Work request =>
Quote the data below in full, minus the images.

Materials provided =>
----

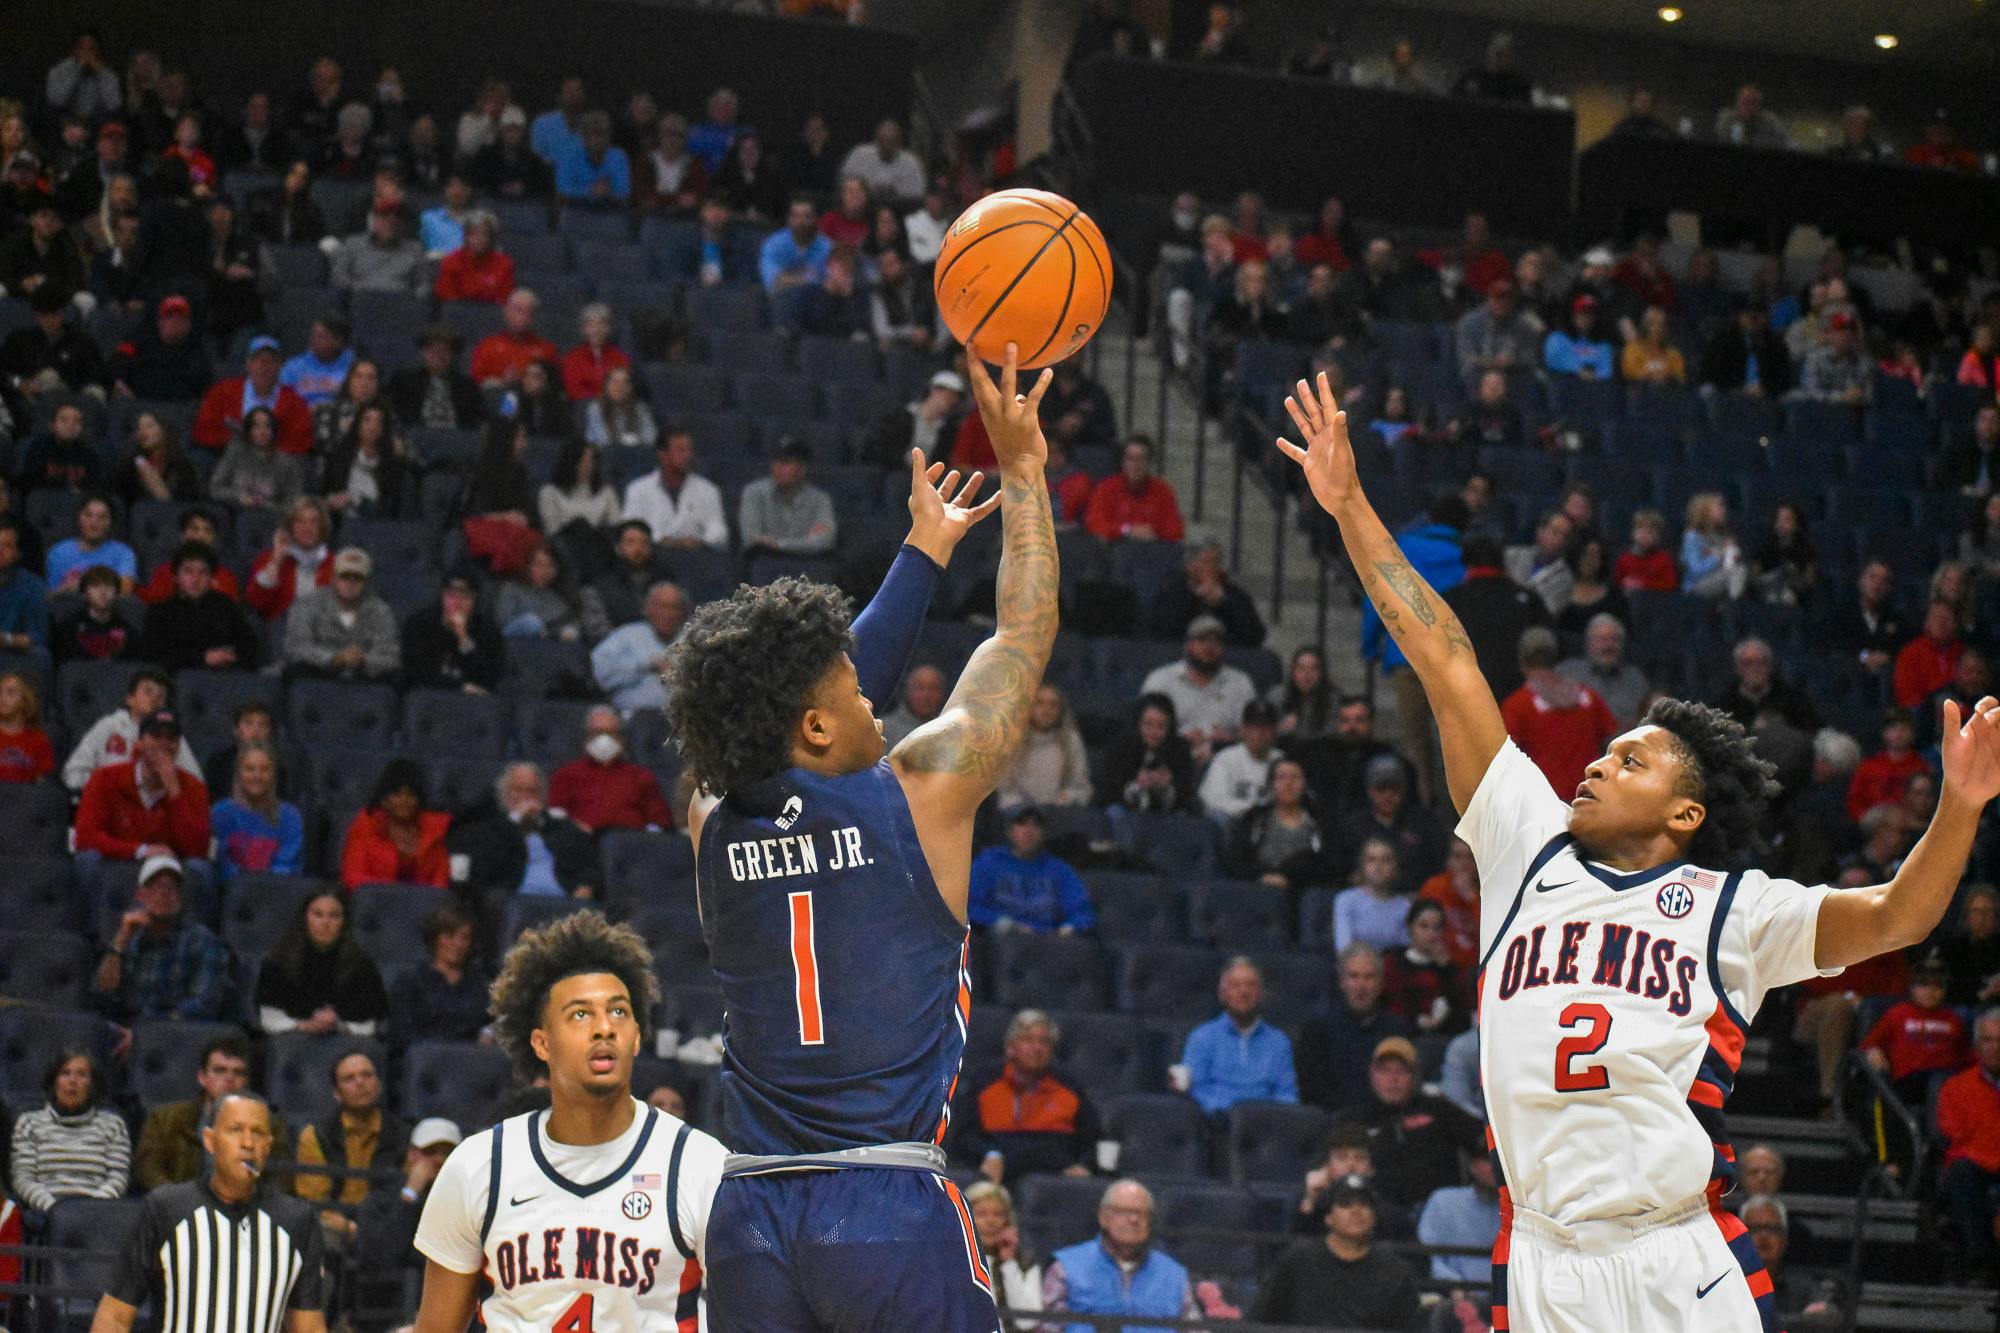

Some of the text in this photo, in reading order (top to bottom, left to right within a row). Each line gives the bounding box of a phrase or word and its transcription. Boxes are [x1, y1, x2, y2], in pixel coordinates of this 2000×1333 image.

[727, 826, 874, 881] GREEN JR.
[1658, 884, 1693, 918] SEC
[788, 891, 825, 1045] 1
[1499, 921, 1698, 1017] OLE MISS
[1554, 1002, 1613, 1093] 2
[622, 1191, 651, 1219] SEC
[497, 1227, 662, 1295] OLE MISS

----

Task solution =>
Some of the text in this photo, in reading order (top to bottom, left to right within a row). Each line gives the bounding box of a phrase or word and its transcription. Boxes are [x1, y1, x2, y2], in pixel coordinates of this 2000×1333 image.

[727, 826, 874, 881] GREEN JR.
[1658, 884, 1693, 918] SEC
[788, 891, 825, 1045] 1
[1499, 921, 1698, 1017] OLE MISS
[1554, 1002, 1613, 1093] 2
[622, 1191, 651, 1219] SEC
[497, 1227, 662, 1295] OLE MISS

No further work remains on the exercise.